● **EXERCISE INSTRUCTIONS**: All lines from the one with "this 1392×1856 image." through the end of the records below are to be given again exactly, and nothing else.

● **PROVIDED RECORDS**:
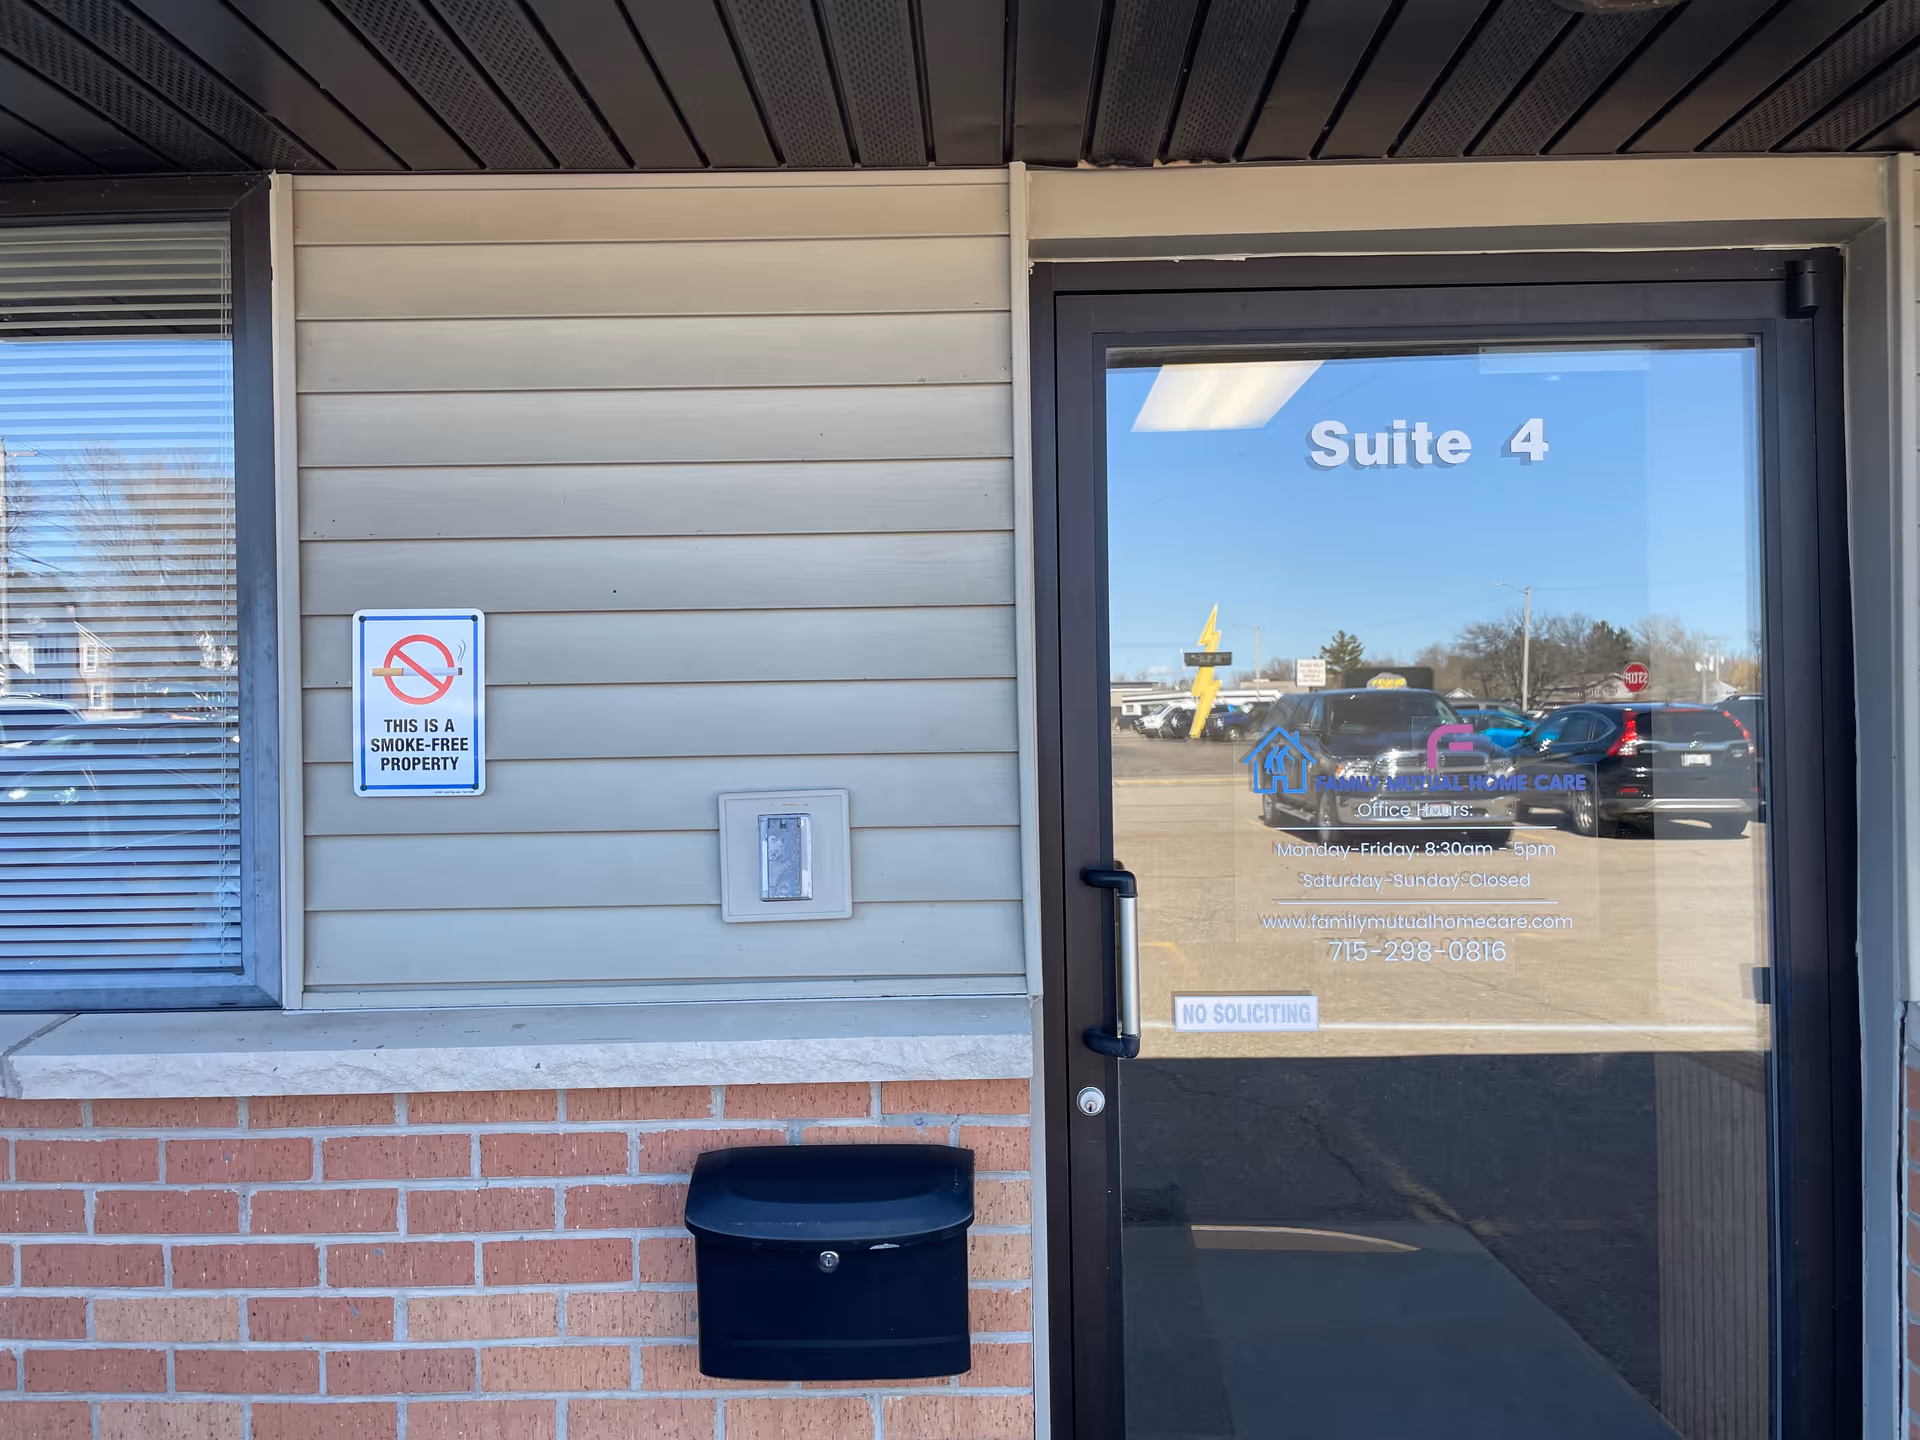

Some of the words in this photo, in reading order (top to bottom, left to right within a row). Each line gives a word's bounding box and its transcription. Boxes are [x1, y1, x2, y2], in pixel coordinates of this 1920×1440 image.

[1310, 419, 1472, 467] Suite
[1510, 418, 1549, 461] 4
[384, 718, 418, 733] THIS
[424, 718, 438, 732] IS
[444, 718, 455, 732] A
[370, 737, 468, 752] SMOKE-FREE
[380, 756, 459, 771] PROPERTY
[1316, 775, 1380, 792] FAMILY
[1386, 775, 1462, 792] MUTUAL
[1469, 774, 1528, 791] HOME
[1533, 773, 1586, 791] CARE
[1357, 802, 1411, 817] Office
[1416, 802, 1473, 817] Hours:
[1276, 841, 1420, 860] Monday-Friday:
[1425, 841, 1493, 857] 8:30am
[1513, 842, 1556, 860] 5pm
[1303, 873, 1464, 891] Saturday-Sunday:
[1469, 873, 1531, 887] Closed
[1262, 914, 1573, 933] www.familymutualhomecare.com
[1328, 940, 1506, 962] 715-298-0816
[1182, 1003, 1207, 1024] NO
[1213, 1003, 1311, 1023] SOLICITING
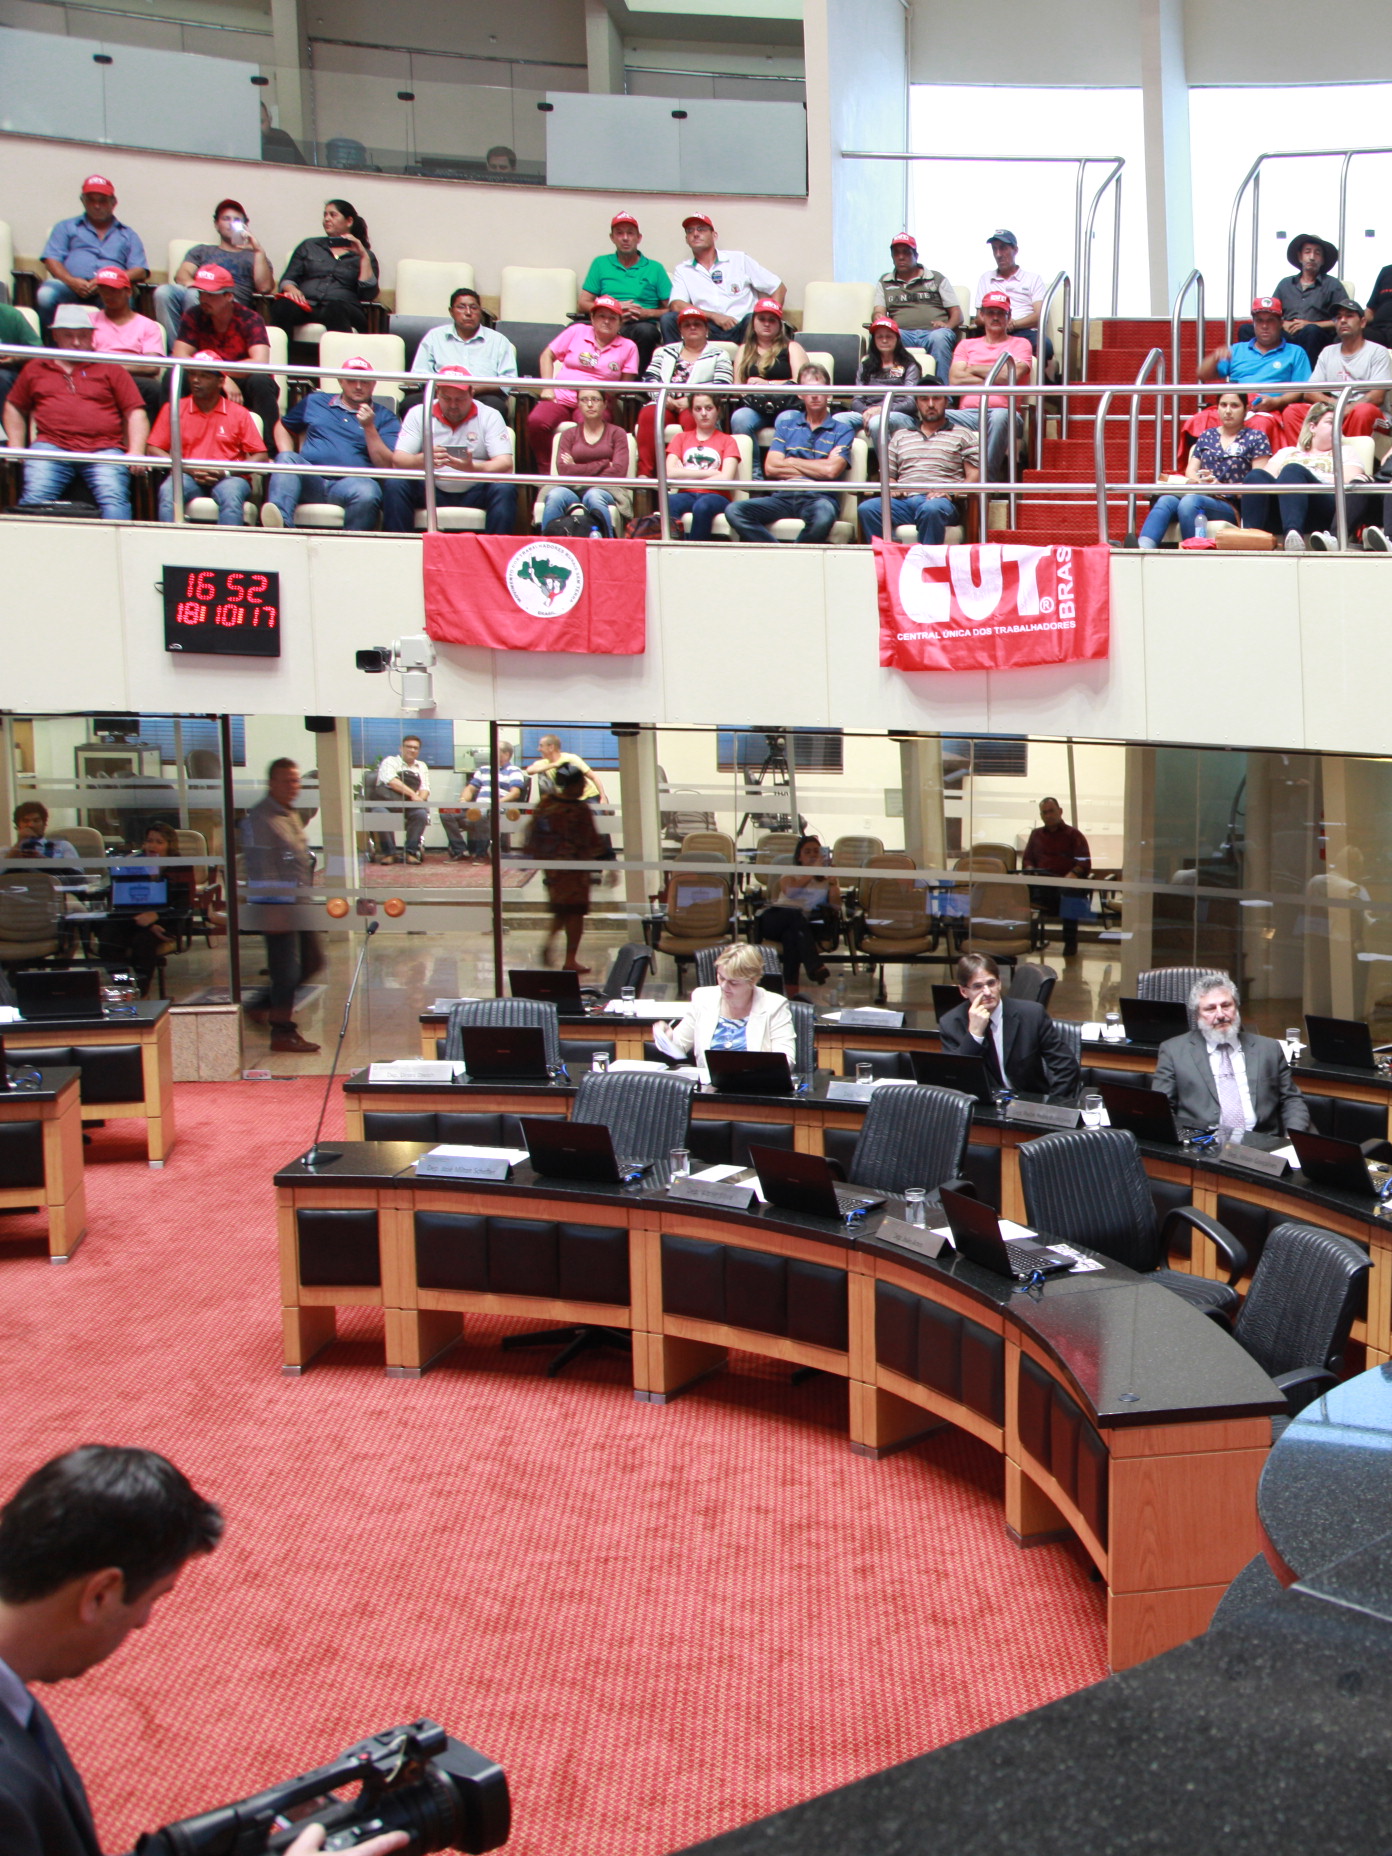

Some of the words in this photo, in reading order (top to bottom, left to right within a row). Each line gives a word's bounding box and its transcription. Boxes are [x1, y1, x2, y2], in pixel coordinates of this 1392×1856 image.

[187, 571, 216, 601] 16
[225, 573, 268, 604] 52
[899, 544, 1053, 624] CUT
[897, 631, 941, 641] CENTRAL
[942, 627, 972, 638] ÚNICA
[972, 627, 993, 637] DOS
[993, 620, 1077, 636] TRABALHADORES

● **REPLY**:
Some of the words in this photo, in reading order (top to bottom, left to right within a row). Each line gives a word's bounding box and its transcription. Boxes are [x1, y1, x2, y2], in pixel coordinates of this 1392×1856 image.

[187, 571, 216, 601] 16
[225, 573, 268, 604] 52
[899, 544, 1053, 624] CUT
[897, 631, 941, 641] CENTRAL
[942, 627, 972, 638] ÚNICA
[972, 627, 993, 637] DOS
[993, 620, 1077, 636] TRABALHADORES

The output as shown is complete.